As I prepared this post, I realised two things:

A. I cannot resist cheating, so I snuck in six books rather than five (or even more, if you count the trilogy as three separate books).

B. A lot of my favourites are older than the 1970s, so I will probably create another one for the 1920-1960 period.

21 thoughts on “Five Books, Five Decades (1970-2010)”

  1. Love this idea – I may steal it 😂. I will check out some of these books, as most of them I have not heard of before!

    1. That”s music to any booklover’s ears of course, the idea that I might have tempted you to check out any of these books. Of course, I’m not claiming that they are the best of each decade, but simply the ones that came most readily to mind. And please do steal the idea, would love to see what you come up with!

  2. This is a nicely varied bunch of books! I was impressed by the Erpenback although preferred The End of Days. Coincidentally, I’m about to post the latest in a series of Five Books… I do every so often. It’s an enjoyable feature to put together, isn’t it.

    1. Still haven’t read End of Days by Erpenbeck, so I’ve got that to look forward to. The problem is I want to read her in German, so that is a bit expensive to get books bought and shipped over from Germany.
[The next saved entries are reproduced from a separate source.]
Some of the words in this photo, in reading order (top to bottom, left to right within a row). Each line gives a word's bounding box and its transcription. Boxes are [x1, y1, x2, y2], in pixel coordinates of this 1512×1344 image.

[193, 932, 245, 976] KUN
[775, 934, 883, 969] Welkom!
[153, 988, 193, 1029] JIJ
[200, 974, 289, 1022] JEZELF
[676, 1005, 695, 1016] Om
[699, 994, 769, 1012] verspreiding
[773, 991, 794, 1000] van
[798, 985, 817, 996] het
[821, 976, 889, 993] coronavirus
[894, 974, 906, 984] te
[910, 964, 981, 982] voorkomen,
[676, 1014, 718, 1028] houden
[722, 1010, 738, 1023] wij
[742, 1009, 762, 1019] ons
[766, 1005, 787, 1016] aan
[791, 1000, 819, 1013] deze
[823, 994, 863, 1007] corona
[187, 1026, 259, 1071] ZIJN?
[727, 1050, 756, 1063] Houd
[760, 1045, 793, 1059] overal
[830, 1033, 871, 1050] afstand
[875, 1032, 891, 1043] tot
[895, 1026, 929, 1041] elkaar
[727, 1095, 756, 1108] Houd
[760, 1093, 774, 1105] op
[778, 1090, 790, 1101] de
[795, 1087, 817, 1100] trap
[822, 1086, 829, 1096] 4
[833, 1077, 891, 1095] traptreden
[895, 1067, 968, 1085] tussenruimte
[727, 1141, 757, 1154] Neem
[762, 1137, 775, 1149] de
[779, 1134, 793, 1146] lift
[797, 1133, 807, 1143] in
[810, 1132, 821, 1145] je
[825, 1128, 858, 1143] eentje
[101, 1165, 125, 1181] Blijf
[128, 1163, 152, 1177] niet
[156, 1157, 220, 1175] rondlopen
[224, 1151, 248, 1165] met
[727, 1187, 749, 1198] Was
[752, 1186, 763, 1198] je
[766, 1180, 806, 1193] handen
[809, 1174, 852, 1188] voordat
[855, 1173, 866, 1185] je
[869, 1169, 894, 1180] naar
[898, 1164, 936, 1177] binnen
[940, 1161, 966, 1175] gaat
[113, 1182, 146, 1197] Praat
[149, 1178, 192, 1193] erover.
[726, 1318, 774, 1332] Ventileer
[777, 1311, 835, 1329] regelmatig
I do have her Visitation on my shelf.

  3. Marvellous. I’m ashamed not to have read a single one, nor even heard of all of them. I might steal this idea too – though getting my books into date order might be the first problem!
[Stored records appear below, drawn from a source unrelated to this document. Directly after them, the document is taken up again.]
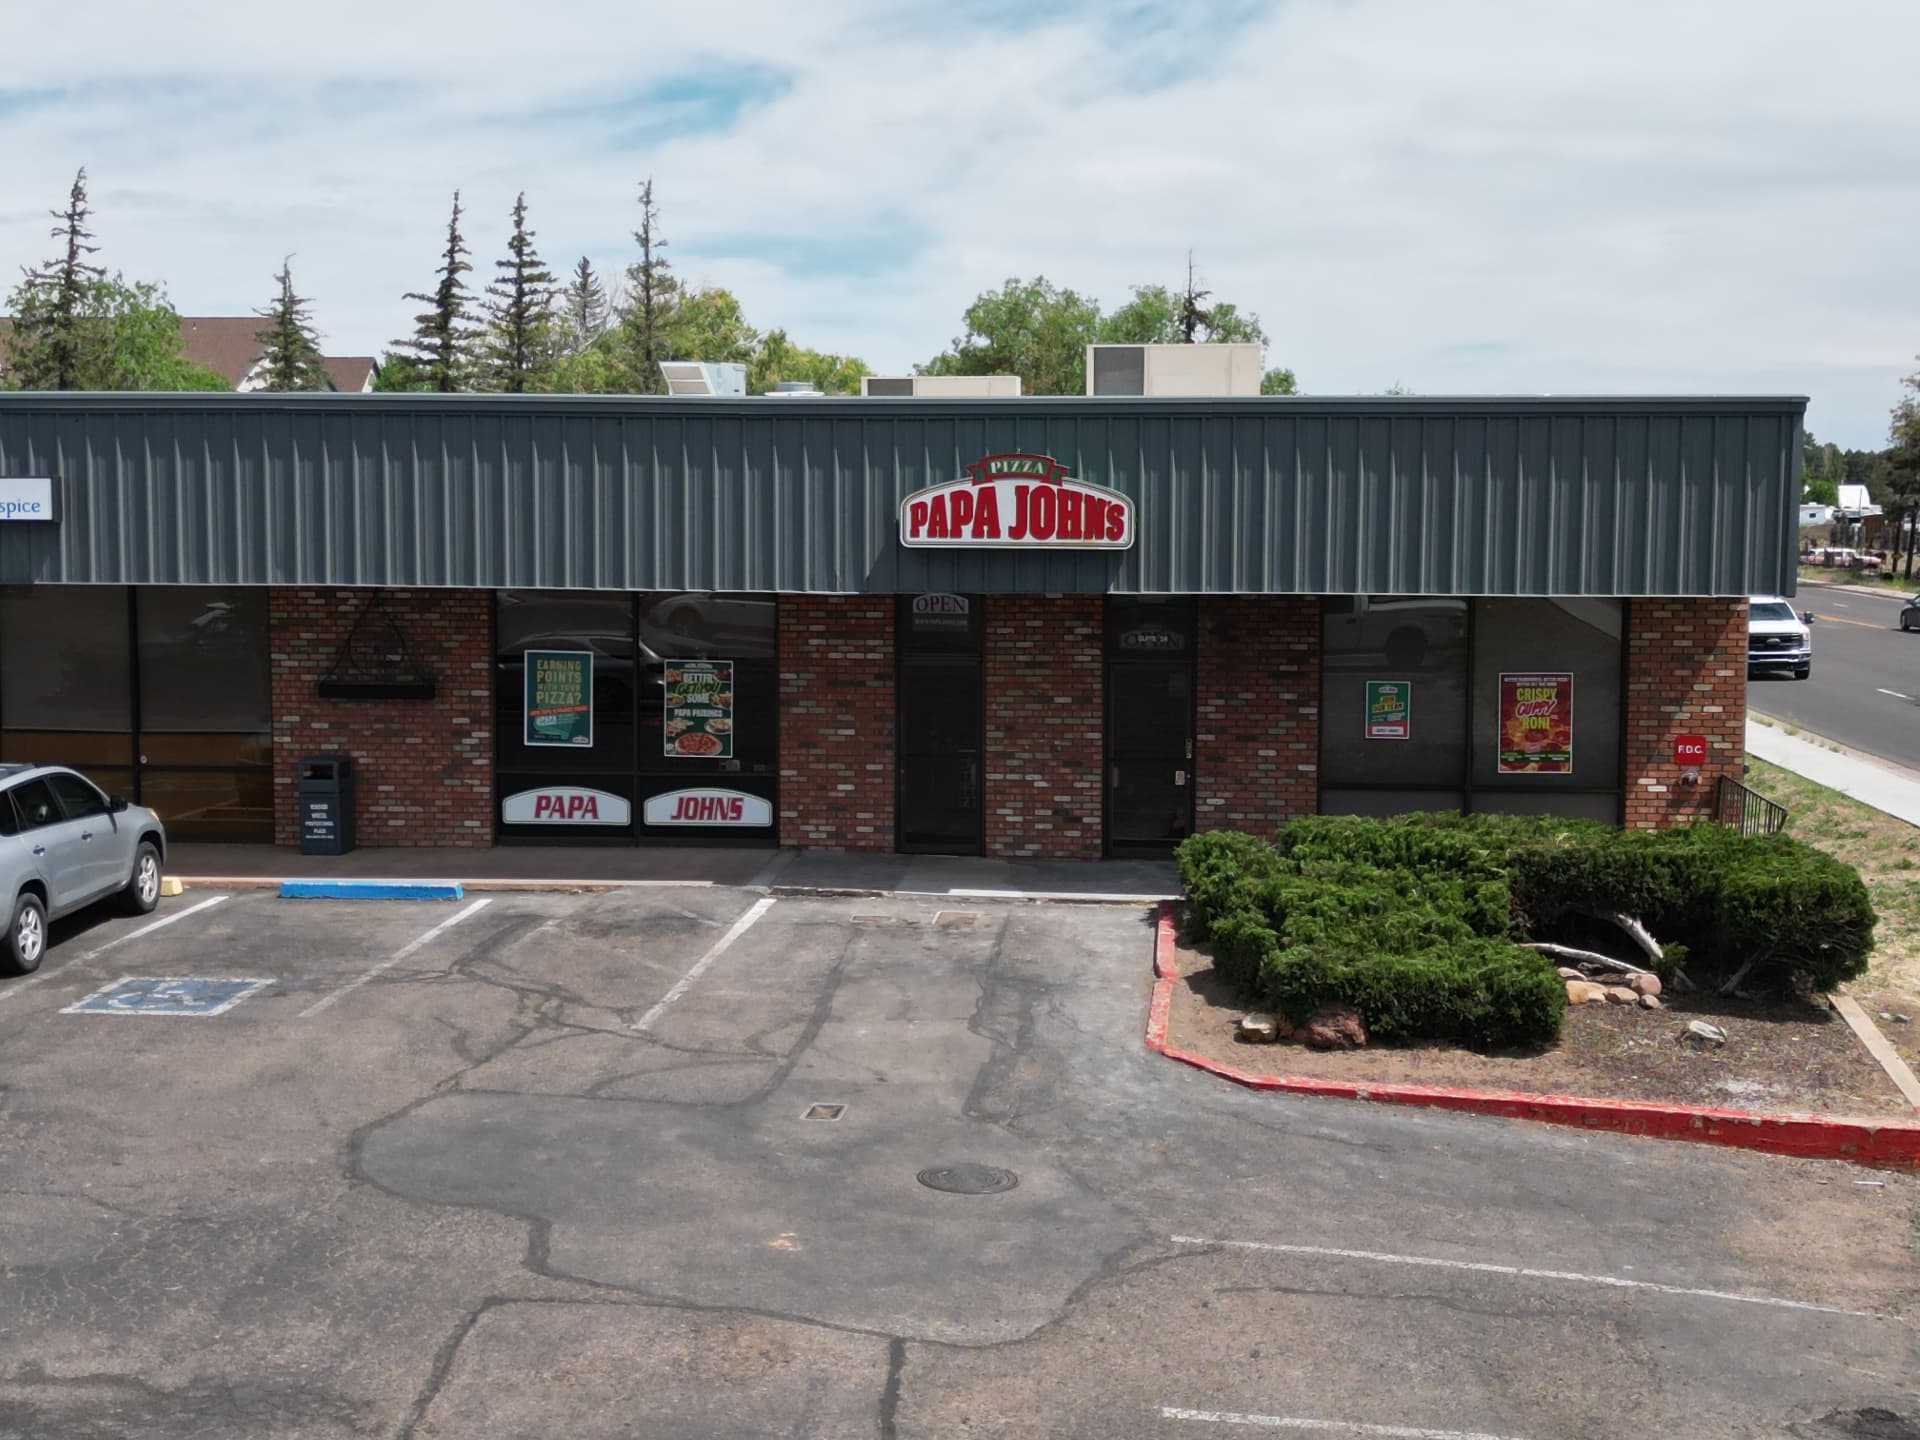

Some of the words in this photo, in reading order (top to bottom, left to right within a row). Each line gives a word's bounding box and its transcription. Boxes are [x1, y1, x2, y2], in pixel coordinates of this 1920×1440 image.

[990, 460, 1045, 474] PIZZA
[910, 486, 1001, 539] PAPA
[1008, 485, 1125, 541] JOHN'S
[916, 595, 965, 611] OPEN
[536, 660, 582, 670] EARNING
[536, 671, 582, 683] POINTS
[536, 692, 582, 705] PIZZA?
[1517, 687, 1557, 700] CRISPY
[534, 795, 599, 819] PAPA
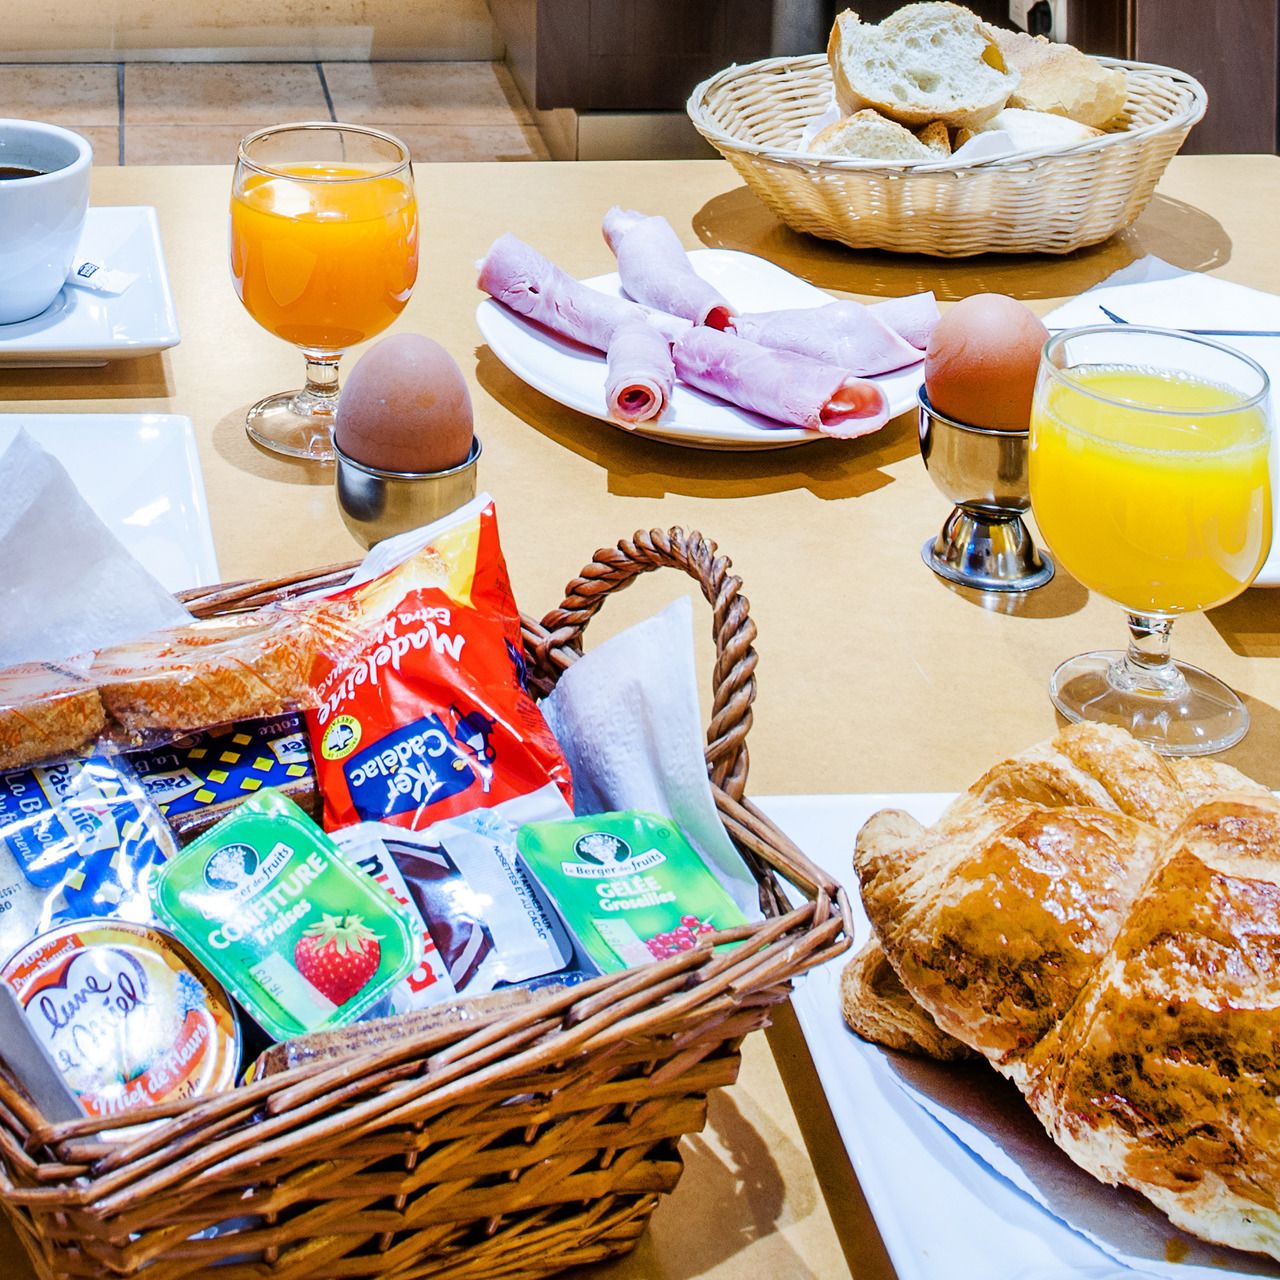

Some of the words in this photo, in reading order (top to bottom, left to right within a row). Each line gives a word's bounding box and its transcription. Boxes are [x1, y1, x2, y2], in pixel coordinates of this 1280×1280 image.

[398, 607, 451, 626] Extra
[317, 621, 466, 725] Madeleine
[349, 729, 448, 787] Cadélac
[4, 771, 25, 798] La
[384, 762, 437, 804] Ker
[263, 847, 290, 880] fruits
[575, 864, 616, 876] Berger
[631, 852, 662, 873] fruits
[595, 873, 662, 899] GELÉE
[207, 851, 328, 950] CONFITURE
[493, 846, 519, 888] NOISETTES
[527, 909, 548, 941] CACAO
[519, 871, 544, 914] TARTINER
[539, 910, 554, 931] AUX
[598, 889, 677, 912] Groseilles
[254, 897, 313, 946] Fraises
[146, 1068, 169, 1094] de
[164, 1024, 208, 1077] Fleurs
    1. I had to search long and hard on my bookshelves, because many of the books that I thought dated from the 1970s or 80s were in fact from the 1960s or even earlier…

  4. What have you started? We’re all going to be stealing this idea and adapting it for our own purposes, but it’s on your shoulders that you’ve turned us all into kleptomaniacs! I might take a cue from Shakespeare and call mine Seven Ages, a title for each decade…

  5. Yes, yes, yes to everything you’ve said about The Unbearable Lightness… I found my way to it via the Daniel Day-Lewis film (like many others, I had a huge crush on him at the time), and it was the gateway drug to Kundera’s writing for me. Definitely a ‘landmark’ book for me too!

    1. Not naming any names, but a friend of mine and I wore out our VHS tape of The Last Mohican (a film I don’t even like all that much) for a particular scene where DDL tosses his hair back!!! And you’ve reminded me that I want to rewatch In the Name of the Father, which will probably feel quite different now that I’m living in the UK.

  6. This is such a good idea, Marina Sofia! I love it! And I really like the way you also provide some background on each of the decades you mention. I like your choices, too (must re-read the Izzo trilogy). Now you’ve got me thinking of what my choices might be….

    1. Well, Gordon has very kindly invited me to his blog to have another go, so I can mention a whole set of five other books, while refering to the ones here as well!!! So that’s 10 books (still not enough, but a bit better)

  7. I’ve been fascinated by Gordon’s project and in awe that his guests could come up with just one book per decade. If I get around to doing this I will likely choose the 19th century but deciding which decade comes first is going to be so hard….

    You’ve answered something that has been bugging me for ages. A blogger (no longer active sadly) told me years ago about a crime series set in Marseille but I lost the name of the author – seeing it mentioned by you today has been such a relief.